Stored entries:
━━━━━━━━━━━━━━━━━━━━━━━━━━━━━━

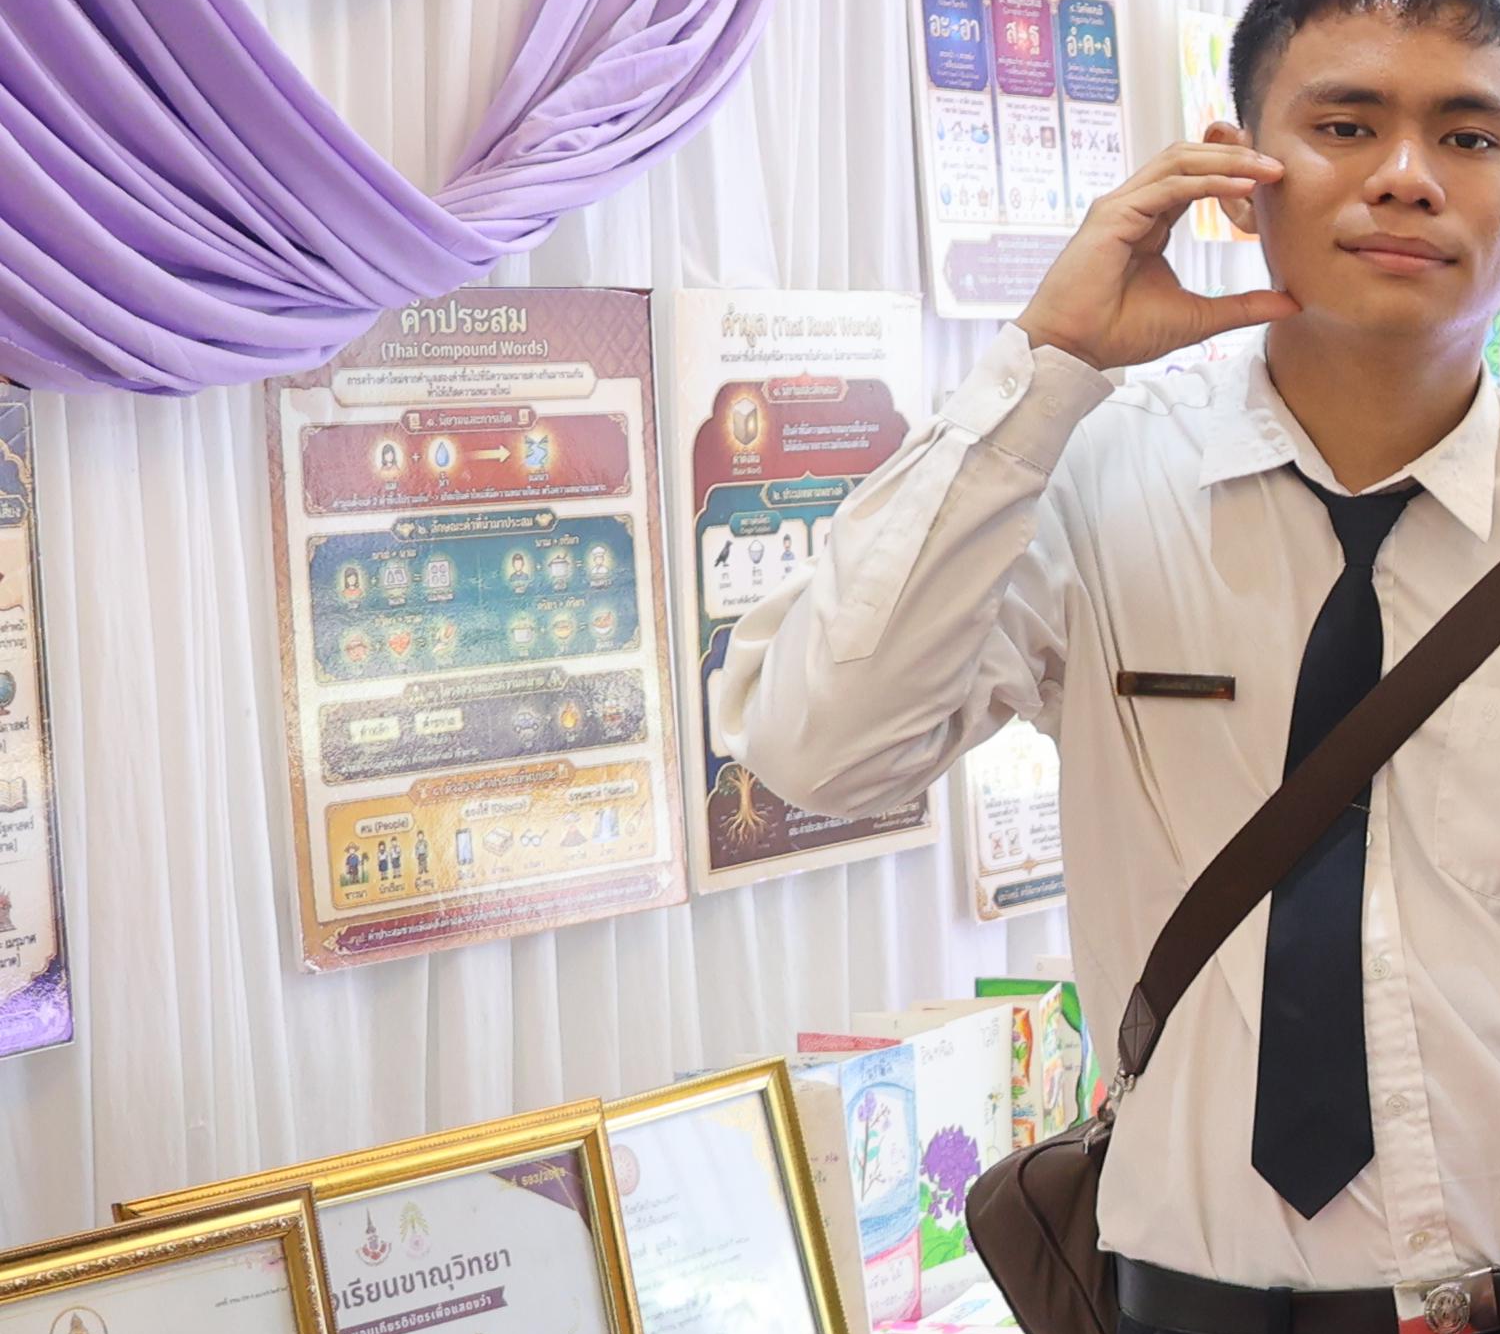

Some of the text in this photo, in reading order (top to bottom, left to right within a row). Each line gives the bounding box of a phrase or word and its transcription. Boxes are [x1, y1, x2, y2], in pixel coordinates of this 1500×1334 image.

[381, 339, 549, 361] (Thai Compound Words)
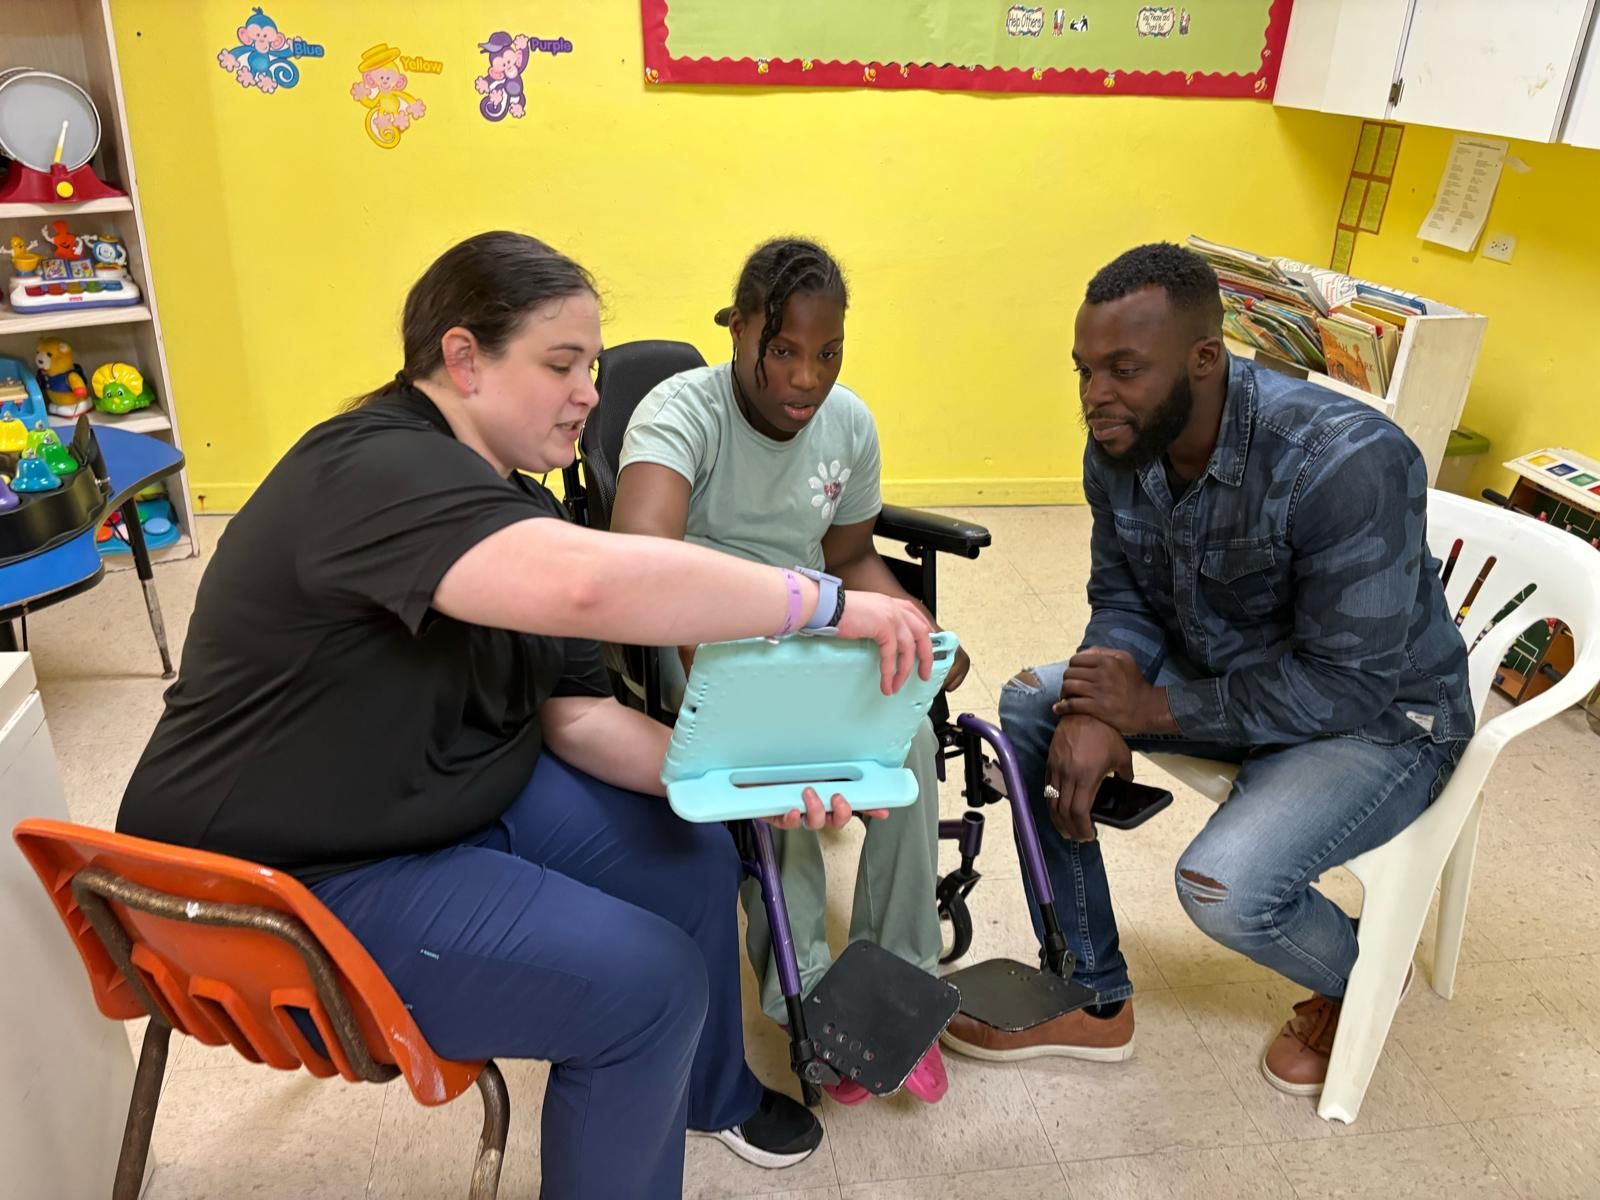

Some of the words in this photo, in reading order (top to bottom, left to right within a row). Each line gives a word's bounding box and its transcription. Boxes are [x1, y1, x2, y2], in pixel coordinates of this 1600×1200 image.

[293, 41, 324, 58] Blue
[530, 37, 572, 55] Purple
[400, 56, 442, 74] Yellow

━━━━━━━━━━━━━━━━━━━━━━━━━━━━━━

(Your instructions): Every line of the data is to be transcribed exactly, and no picture is to be included.

(Expected output):
Some of the text in this photo, in reading order (top to bottom, left to right within a row). Each line gives the bounding box of a phrase or word and its transcription. Boxes are [x1, y1, x2, y2], in pixel coordinates of this 1500×1334 image.

[381, 339, 549, 361] (Thai Compound Words)

Some of the words in this photo, in reading order (top to bottom, left to right within a row). Each line gives a word's bounding box and its transcription. Boxes are [x1, y1, x2, y2], in pixel coordinates of this 1600×1200 image.

[293, 41, 324, 58] Blue
[530, 37, 572, 55] Purple
[400, 56, 442, 74] Yellow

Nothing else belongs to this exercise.